TASK ITEM – Repeat every record word for word and omit the images.

(Saved entries)
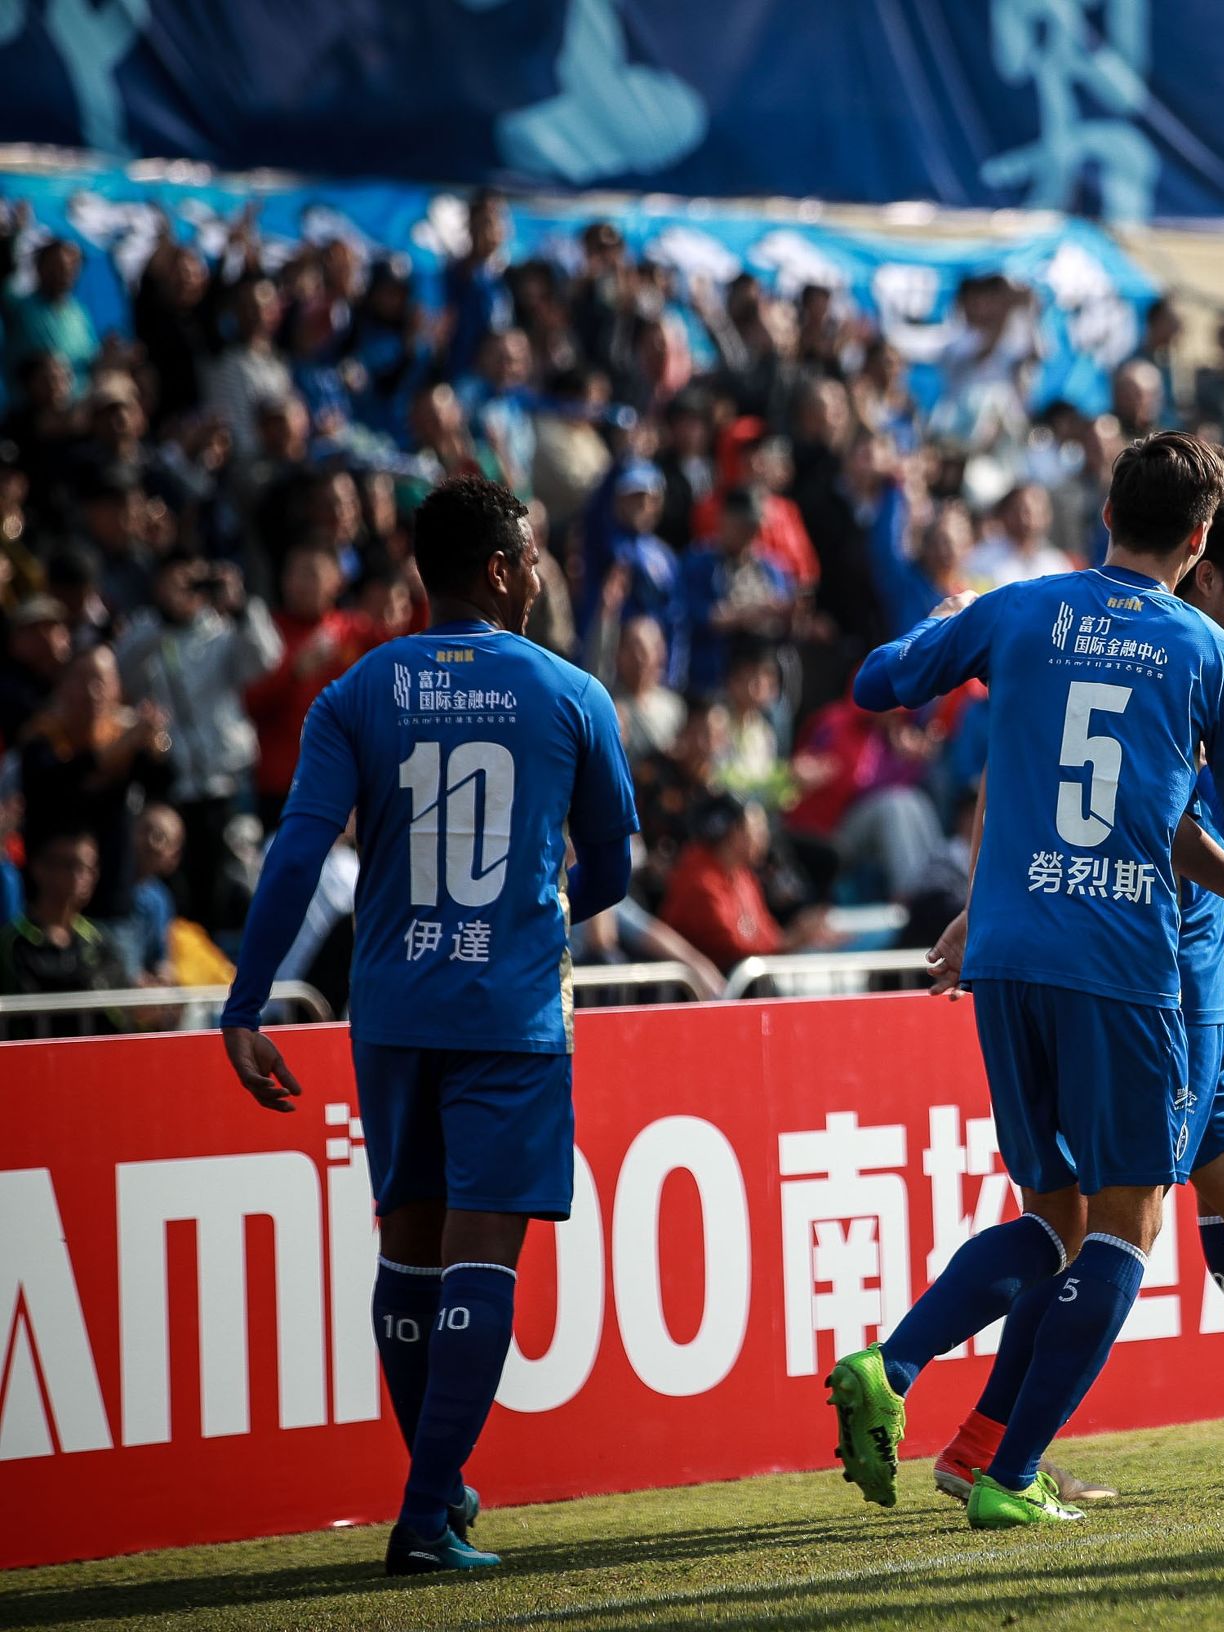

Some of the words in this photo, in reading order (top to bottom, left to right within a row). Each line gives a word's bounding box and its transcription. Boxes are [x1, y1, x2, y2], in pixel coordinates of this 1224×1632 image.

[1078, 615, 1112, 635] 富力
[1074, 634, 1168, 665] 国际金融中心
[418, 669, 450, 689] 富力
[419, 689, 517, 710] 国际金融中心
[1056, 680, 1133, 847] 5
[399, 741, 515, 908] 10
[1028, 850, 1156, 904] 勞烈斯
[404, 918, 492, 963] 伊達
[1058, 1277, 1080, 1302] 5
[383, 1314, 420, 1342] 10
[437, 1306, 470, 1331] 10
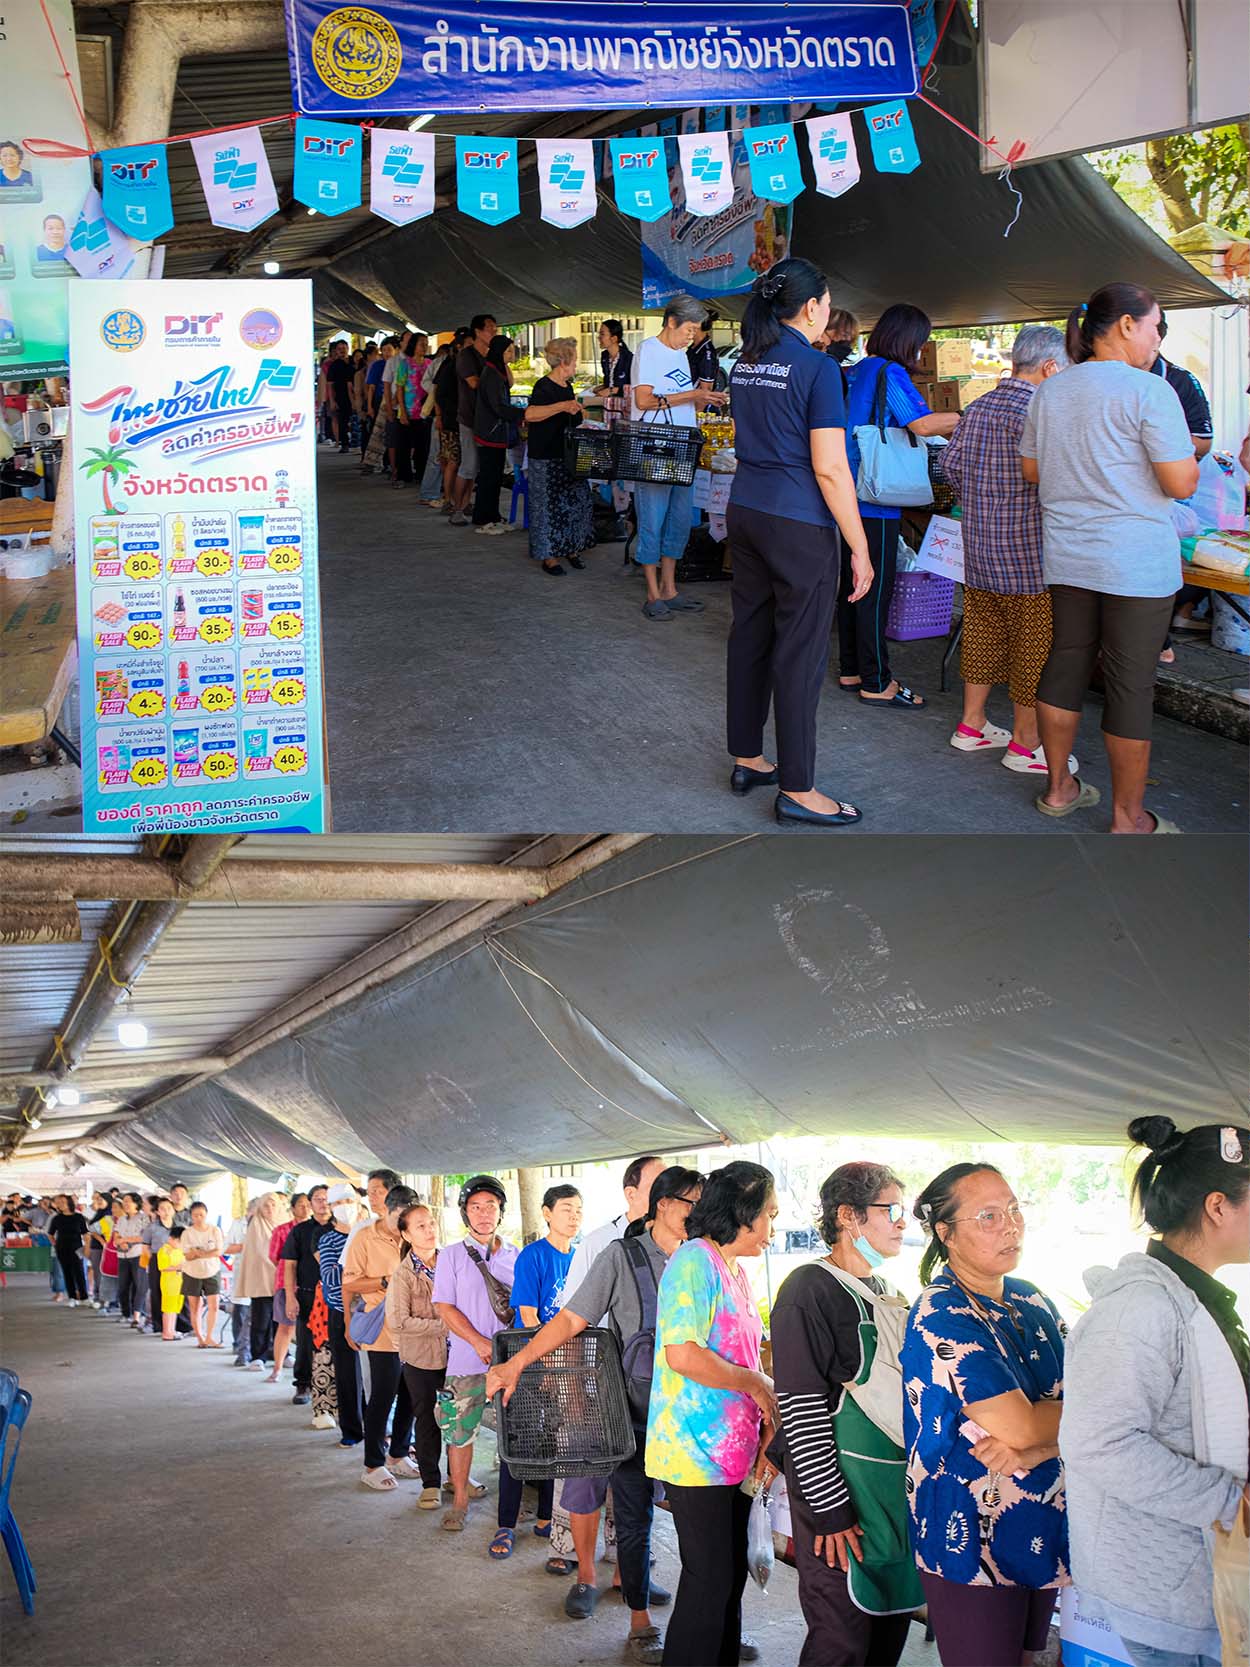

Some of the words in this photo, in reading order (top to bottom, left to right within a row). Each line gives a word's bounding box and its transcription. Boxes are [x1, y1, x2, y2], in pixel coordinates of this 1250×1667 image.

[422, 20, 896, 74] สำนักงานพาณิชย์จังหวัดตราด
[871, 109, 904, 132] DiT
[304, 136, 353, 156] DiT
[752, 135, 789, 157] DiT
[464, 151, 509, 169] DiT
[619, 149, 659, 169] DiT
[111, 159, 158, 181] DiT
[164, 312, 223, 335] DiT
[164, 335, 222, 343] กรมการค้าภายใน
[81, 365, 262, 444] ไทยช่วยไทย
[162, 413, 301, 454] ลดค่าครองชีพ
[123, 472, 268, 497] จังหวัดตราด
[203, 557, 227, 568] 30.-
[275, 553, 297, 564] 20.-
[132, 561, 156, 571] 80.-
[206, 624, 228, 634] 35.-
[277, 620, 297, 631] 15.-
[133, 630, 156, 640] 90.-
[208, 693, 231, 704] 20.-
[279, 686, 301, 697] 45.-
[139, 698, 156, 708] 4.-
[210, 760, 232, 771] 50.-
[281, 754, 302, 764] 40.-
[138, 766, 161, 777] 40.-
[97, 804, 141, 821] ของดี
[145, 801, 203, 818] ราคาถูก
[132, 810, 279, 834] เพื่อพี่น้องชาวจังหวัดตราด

ANSWER FOR THIS EXERCISE –
Some of the words in this photo, in reading order (top to bottom, left to right within a row). Each line gives a word's bounding box and its transcription. Boxes are [x1, y1, x2, y2], in pixel coordinates of this 1224×1632 image.

[1078, 615, 1112, 635] 富力
[1074, 634, 1168, 665] 国际金融中心
[418, 669, 450, 689] 富力
[419, 689, 517, 710] 国际金融中心
[1056, 680, 1133, 847] 5
[399, 741, 515, 908] 10
[1028, 850, 1156, 904] 勞烈斯
[404, 918, 492, 963] 伊達
[1058, 1277, 1080, 1302] 5
[383, 1314, 420, 1342] 10
[437, 1306, 470, 1331] 10

Some of the words in this photo, in reading order (top to bottom, left to right within a row). Each line gives a word's bounding box and its transcription. Boxes are [x1, y1, x2, y2], in pixel coordinates of this 1250×1667 image.

[422, 20, 896, 74] สำนักงานพาณิชย์จังหวัดตราด
[871, 109, 904, 132] DiT
[304, 136, 353, 156] DiT
[752, 135, 789, 157] DiT
[464, 151, 509, 169] DiT
[619, 149, 659, 169] DiT
[111, 159, 158, 181] DiT
[164, 312, 223, 335] DiT
[164, 335, 222, 343] กรมการค้าภายใน
[81, 365, 262, 444] ไทยช่วยไทย
[162, 413, 301, 454] ลดค่าครองชีพ
[123, 472, 268, 497] จังหวัดตราด
[203, 557, 227, 568] 30.-
[275, 553, 297, 564] 20.-
[132, 561, 156, 571] 80.-
[206, 624, 228, 634] 35.-
[277, 620, 297, 631] 15.-
[133, 630, 156, 640] 90.-
[208, 693, 231, 704] 20.-
[279, 686, 301, 697] 45.-
[139, 698, 156, 708] 4.-
[210, 760, 232, 771] 50.-
[281, 754, 302, 764] 40.-
[138, 766, 161, 777] 40.-
[97, 804, 141, 821] ของดี
[145, 801, 203, 818] ราคาถูก
[132, 810, 279, 834] เพื่อพี่น้องชาวจังหวัดตราด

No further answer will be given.